STUDIES ON THIAMINE PHOSPHATES : (IV) DIRECT CURRENT POLAROGRAPHIC STUDIES ON S-BENZOYLTHIAMINE O-MONOPHOSPHATE

Polarographic behaviours of S-benzoylthiamine O-monophosphate (BTMP) were studied by direct current method and the following results were obtained. BTMP showed direct current polarographic waves in buffer solutions of pH 2-12. In the pH-range of about 4-7,two reduction waves were observed. The first wave was comparatively well-defined (E_<1/2>=-1.275 V us SCE at pH 7.0) and was more dependent on pH. The other was ill-defined and almost overlapped with the discharging current of the supporting electrolyte. It was found for the first wave to be irreversible (RT/αnF=68 mV) and controlled with diffusion process, by the various investigations on the nature of the wave in neutral buffer solutions. Fluorometry and crystallization of the reduction products and coulometry by a controlled potential electrolysis were carried out in order to define the electrode reaction of BTMP. It was indicated that the first wave was consisted of the reductional splitting of S-benzoyl radical of BTMP to give thiamine monophosphate (TMP) through an intermediate and the second showed the reduction of TMP to tetrahydrothiamine monophosphate. The direct current waves of BTMP were not considered to be suitable for analysis of the substance because of the inferior forms of them and of the unfavourable influences of other thiamine derivatives such as thiamine hydrochloride or dibenzoylthiamine.

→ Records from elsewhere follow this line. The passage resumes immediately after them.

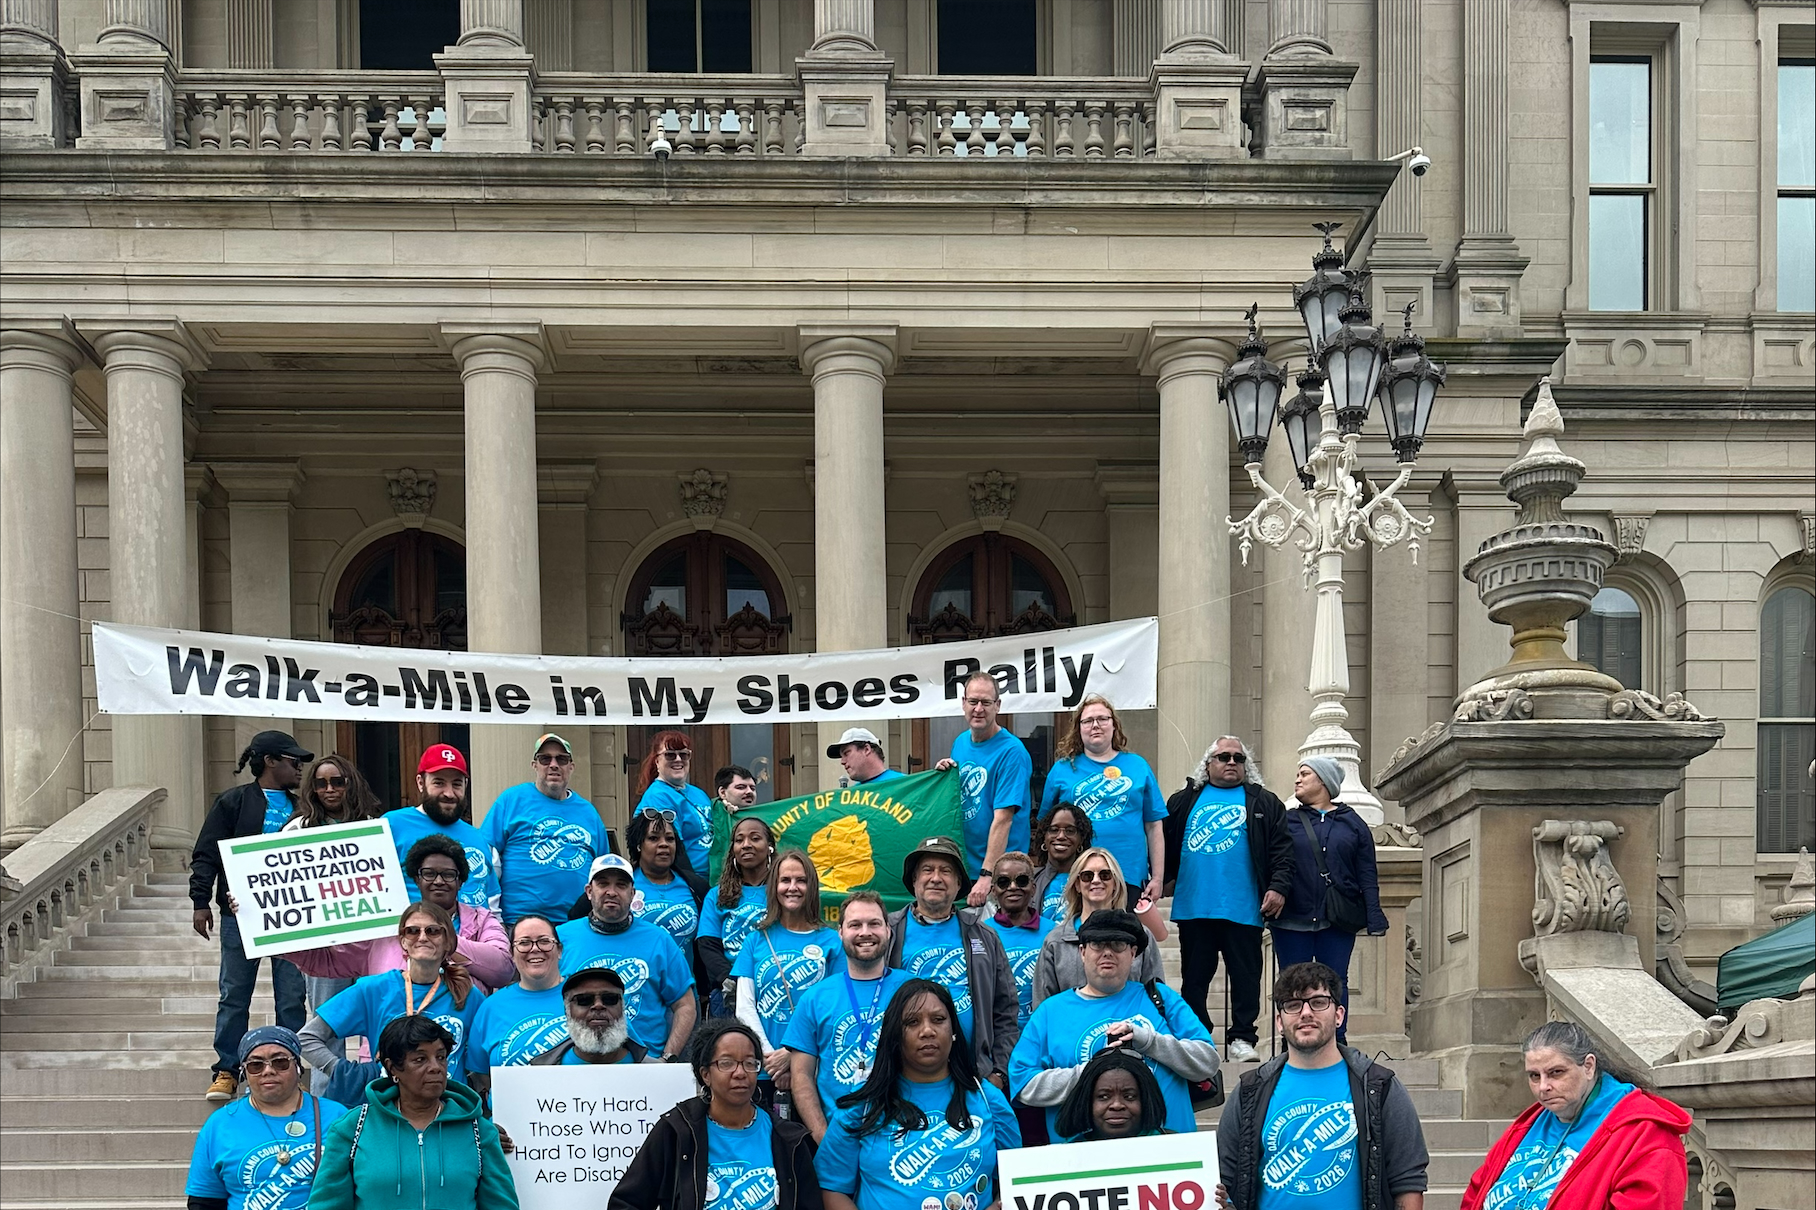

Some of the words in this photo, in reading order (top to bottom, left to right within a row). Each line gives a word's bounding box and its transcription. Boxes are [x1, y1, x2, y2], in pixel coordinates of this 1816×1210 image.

[166, 646, 531, 714] Walk-a-Mile
[549, 675, 606, 716] in
[627, 677, 715, 723] My
[736, 673, 920, 715] Shoes
[944, 646, 1094, 707] Rally
[770, 800, 809, 842] OUNTY
[815, 792, 834, 810] OF
[841, 790, 913, 825] OAKLAND
[1190, 809, 1239, 847] WALK-A-MILE
[264, 849, 315, 868] CUTS
[319, 843, 360, 861] AND
[1216, 838, 1234, 852] 2026
[247, 856, 385, 889] PRIVATIZATION
[253, 885, 315, 909] WILL
[318, 874, 389, 900] HURT,
[263, 906, 316, 931] NOT
[322, 896, 392, 921] HEAL.
[824, 906, 840, 922] 18
[921, 947, 946, 960] COUNTY
[519, 1017, 546, 1031] COUNTY
[1080, 1036, 1095, 1062] AKLAND
[536, 1098, 567, 1113] We
[573, 1098, 597, 1115] Try
[603, 1096, 653, 1112] Hard.
[529, 1122, 583, 1137] Those
[589, 1120, 632, 1135] Who
[637, 1119, 655, 1134] Tr
[1267, 1115, 1286, 1152] OAKLAND
[1285, 1103, 1318, 1119] COUNTY
[515, 1145, 560, 1161] Hard
[567, 1144, 586, 1159] To
[593, 1144, 640, 1162] Ignor
[1267, 1110, 1350, 1181] WALK-A-MILE
[534, 1168, 567, 1183] Are
[574, 1166, 629, 1182] Disab
[713, 1166, 744, 1178] COUNTY
[947, 1163, 974, 1187] 2026
[1314, 1164, 1345, 1192] 2026

STUDIES ON THIAMINE PHOSPHATES : (V) PHARMACOLOGICAL ACTIONS OF S-BENZOYLTHIAMINE O-MONOPHOSPHATE

Examinations were made on pharmacological actions of S-benzoylthiamine O-monophosphate (BTMP). Acute toxicity on mice was lower than that exerted by thiamine hydrochloride. BTMP depressed the myocardial activity of isolated hearts of frog and guinea pig though the action is weaker than that of thiamine hydrochloride or diphosphate. In urethan-anesthetized rabbit, a temporary and slight fall of blood pressure and a slight augmentation of the myocardial activity were observed with BTMP, while with thiamine hydrochloride or monophosphate, the temporary fall of the blood pressure was greater and a slight depression of the myocardial activity occurred. BTMP in concentration of 0.02-0.04% had almost no effect upon isolated intestine of rabbit, while thiamine hydrochloride or monophosphate in the same concentration caused a decrease in the peristalsis and fall of the tension. The above-mentioned experimental results demonstrate that pharmacological actions of BTMP are generally weaker than those of other thiamine derivatives.

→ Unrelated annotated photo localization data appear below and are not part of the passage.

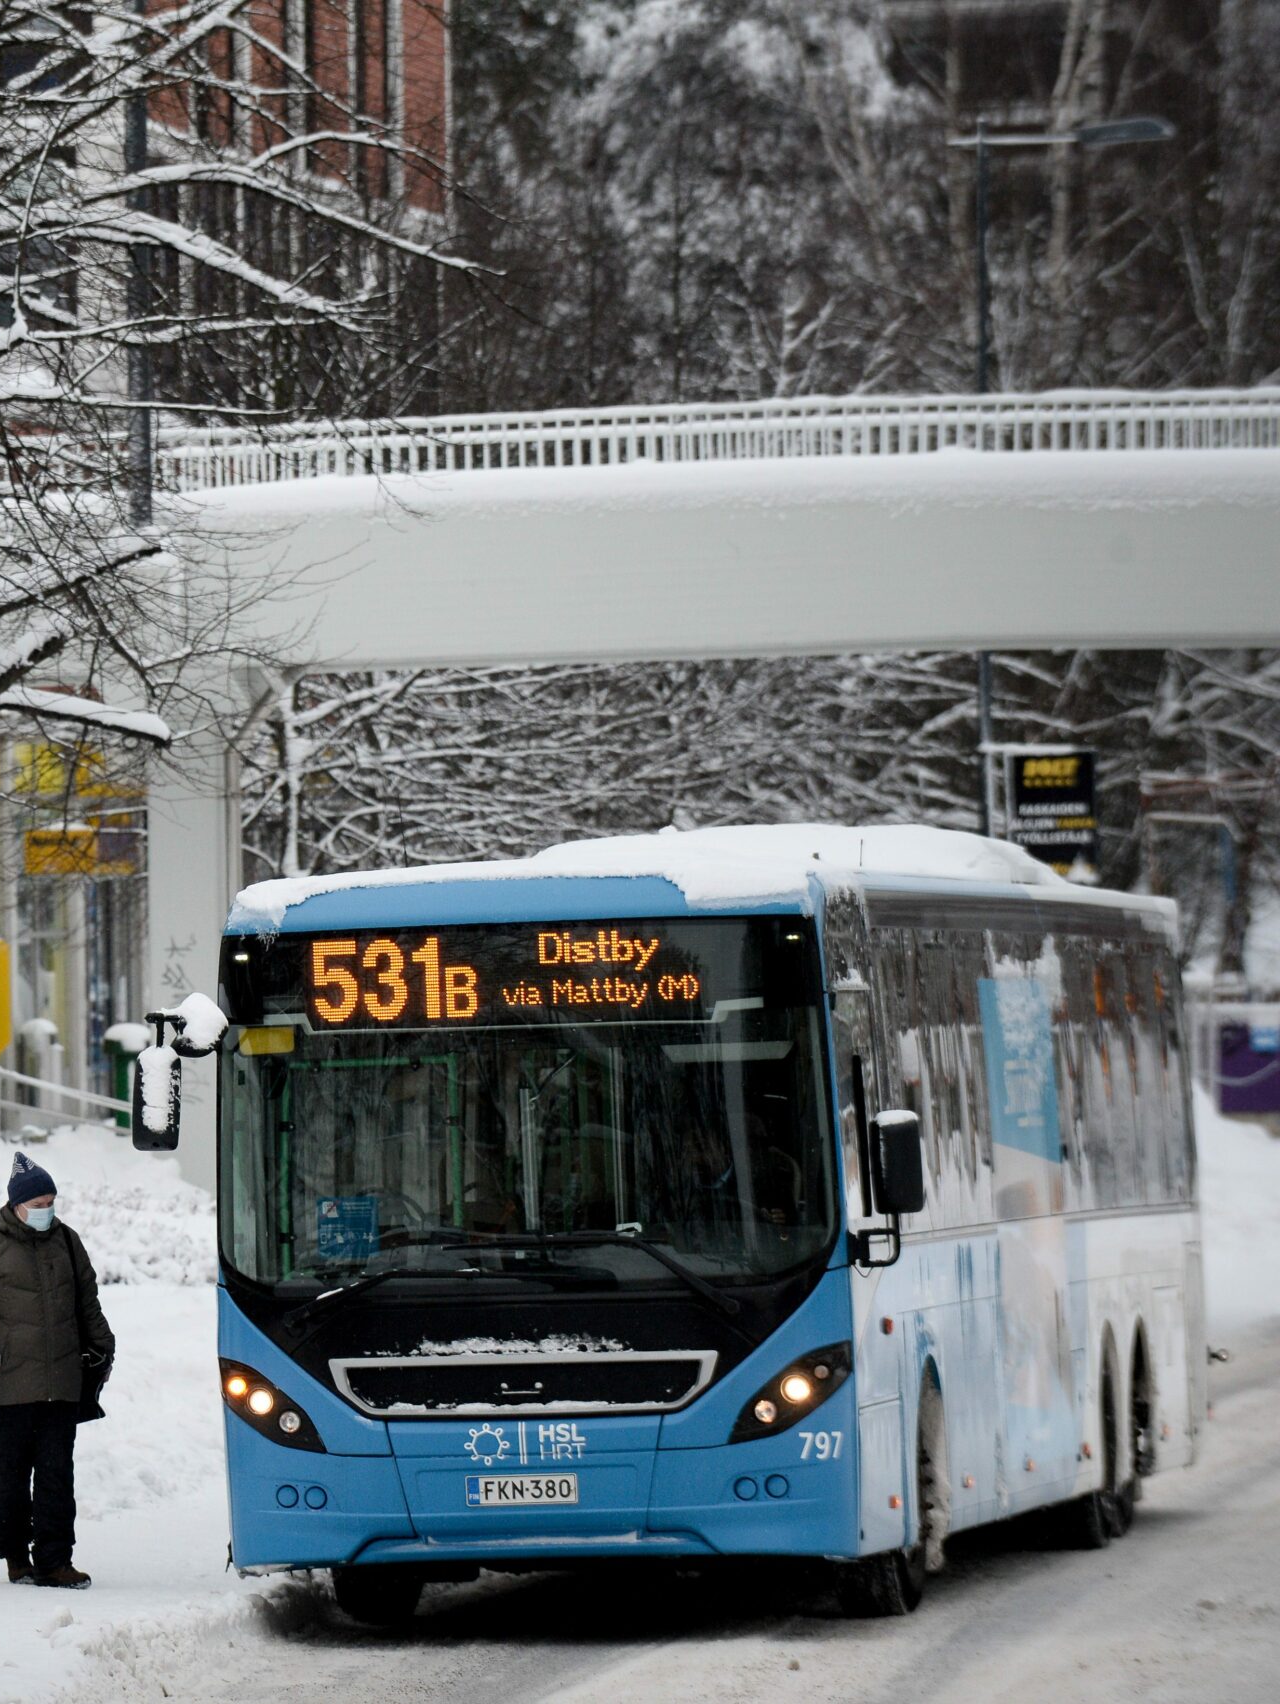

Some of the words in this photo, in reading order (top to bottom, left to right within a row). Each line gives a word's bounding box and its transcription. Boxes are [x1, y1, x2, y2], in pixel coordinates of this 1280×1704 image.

[537, 930, 661, 972] Distby
[502, 981, 542, 1007] via
[552, 976, 649, 1008] Mattby
[657, 973, 700, 1002] (M)
[538, 1423, 587, 1443] HSL
[798, 1431, 844, 1460] 797
[539, 1442, 587, 1461] HRT
[483, 1478, 572, 1501] FKN-380

ABSORPTION OF S-BENZOYLTHIAMINE MONOPHOSPHATE AND ITS EFFECT ON AMINO ACID ABSORPTION

Comparative studies on the intestinal absorption and effect on amino acid absorption of S-benzoylthiamine monophosphate, a derivative of thiamine, and thiamine hydrochloride were carried out. Absorption from the intestine of the former was greater. No effect on amino acid absorption was observed with either agent in in vitro experiments but in vivo, both had a suppressive effect. This suppressive effect was prevented by pyridoxine in the case of thiamine hydrochloride.

THE EFFECT OF INTRASPINAL INJECTION OF S-BENZOYLTHIAMINE MONOPHOSPHATE

S-benzoylthiamine monophosphate, a derivative of thiamine, was experimentally injected intraspinally. Side effects were not observed and there was little difference in urinary excretion of thiamine compared to thiamine hydrochloride.